Google also announced a new laptop, the Pixelbook, a slim, light computer with a 12.3-inch touchscreen, starting at $999. To go with the Pixelbook, Google is selling a $99 Pixelbook Pen, which can be used to highlight portions of photos, for example, to bring up information on what’s depicted.

While the company highlighted the features of the camera on the new Pixel 2, it also announced its first standalone camera. The Google Clip, attached to an object and aimed at a scene, uses artificial intelligence to identify the best moments and take photos and short videos. Google said the device, priced at $249, was “coming soon.”

Rounding out the new offerings were touch-controlled Pixel Bud earphones, for $159, available for pre-order now and scheduled to become available in November.

With the new phones, Google will continue to seek inroads against Apple’s iPhone dominance. Success will depend on broadened reach and unique phone-based offerings including augmented reality (AR), which can overlay real-world imagery with graphics, sound, video or data, said Moor Insights & Strategy analyst Patrick Moorhead.

“To gain market share against Apple, Google will need to bring more differentiated features like world-view AR to the table and also significantly increase carrier and country distribution,” Moorhead said.

Although Google’s Android operating system for phones covers some 89 percent of the market, only about 2.8 million of the company’s house-made Pixel phones have been sold since their October 2016 unveiling, according to research firm IDC. Apple’s iPhone 7 and 7 Plus were released about two weeks before the Pixels, but by July, about 48 million of them had been sold in the U.S. alone, according to Consumer Intelligence Research Partners.

In September, Apple unveiled three new phones: the iPhone 8 for $700 with a 4.7-inch screen; the 8 Plus for $800 with a 5.5-inch screen; and the iPhone X for $1,000 with a 5.8-inch screen.
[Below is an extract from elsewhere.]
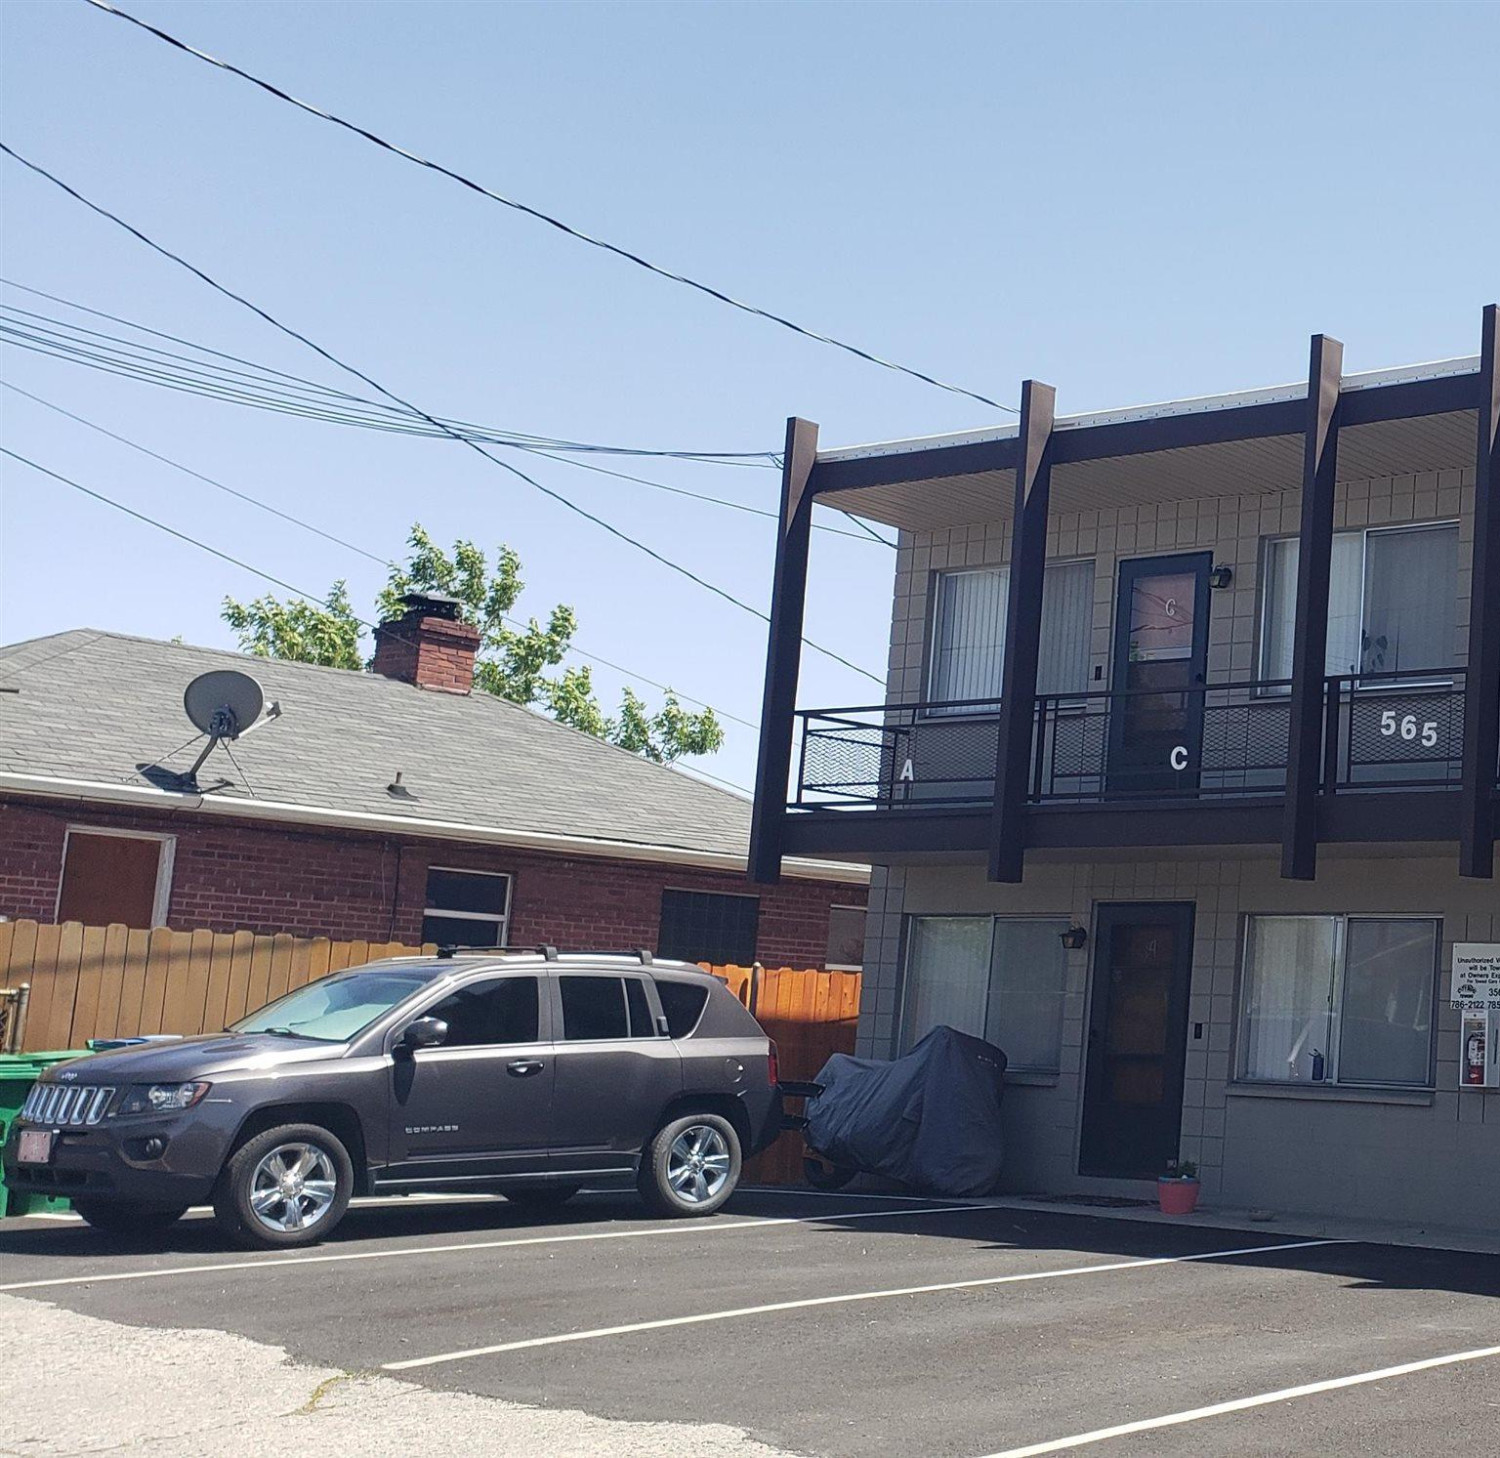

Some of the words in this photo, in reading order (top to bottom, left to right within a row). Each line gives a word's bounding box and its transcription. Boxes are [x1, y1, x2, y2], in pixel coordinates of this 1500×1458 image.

To amp up its Pixels and other hardware, Google is spending $1.1 billion to buy a unit of HTC, a longtime manufacturing partner. The deal gives Google the HTC team that helped build the first Pixels, plus access to intellectual property, the companies said.

Google has also set itself up against Amazon with the $129 Google Home virtual-assistance device, launched in November. The market for these devices is expanding rapidly — eMarketer projected in May that nearly 36 million Americans would use one at least once a month, a 129 percent jump over last year. But the Home still trails far behind Amazon’s flagship virtual assistant, the “Echo,” which eMarketer predicted would take 71 percent of the market this year, compared to 24 percent for the Home.

The market-intelligence firm said it expected Amazon’s market share for the gadgets to decline slightly in coming years as Google’s share grows, but it also said Amazon would “remain the dominant player in the category for the foreseeable future.”

Apple, however, is expected to bring to market in December its $350 “HomePod” virtual assistant, which will mean more competition for Google and Amazon.